» TASK PROMPT
Line by line, return the data exactly as shown.

═════ LISTED RECORDS ═════

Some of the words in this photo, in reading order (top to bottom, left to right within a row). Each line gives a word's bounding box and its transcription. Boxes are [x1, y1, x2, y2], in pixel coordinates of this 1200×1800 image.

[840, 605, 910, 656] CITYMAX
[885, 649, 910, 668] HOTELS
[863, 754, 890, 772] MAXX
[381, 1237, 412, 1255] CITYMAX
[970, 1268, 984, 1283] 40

═════

» SOLVED EXERCISE
Some of the words in this photo, in reading order (top to bottom, left to right within a row). Each line gives a word's bounding box and its transcription. Boxes are [x1, y1, x2, y2], in pixel coordinates of this 1200×1800 image.

[840, 605, 910, 656] CITYMAX
[885, 649, 910, 668] HOTELS
[863, 754, 890, 772] MAXX
[381, 1237, 412, 1255] CITYMAX
[970, 1268, 984, 1283] 40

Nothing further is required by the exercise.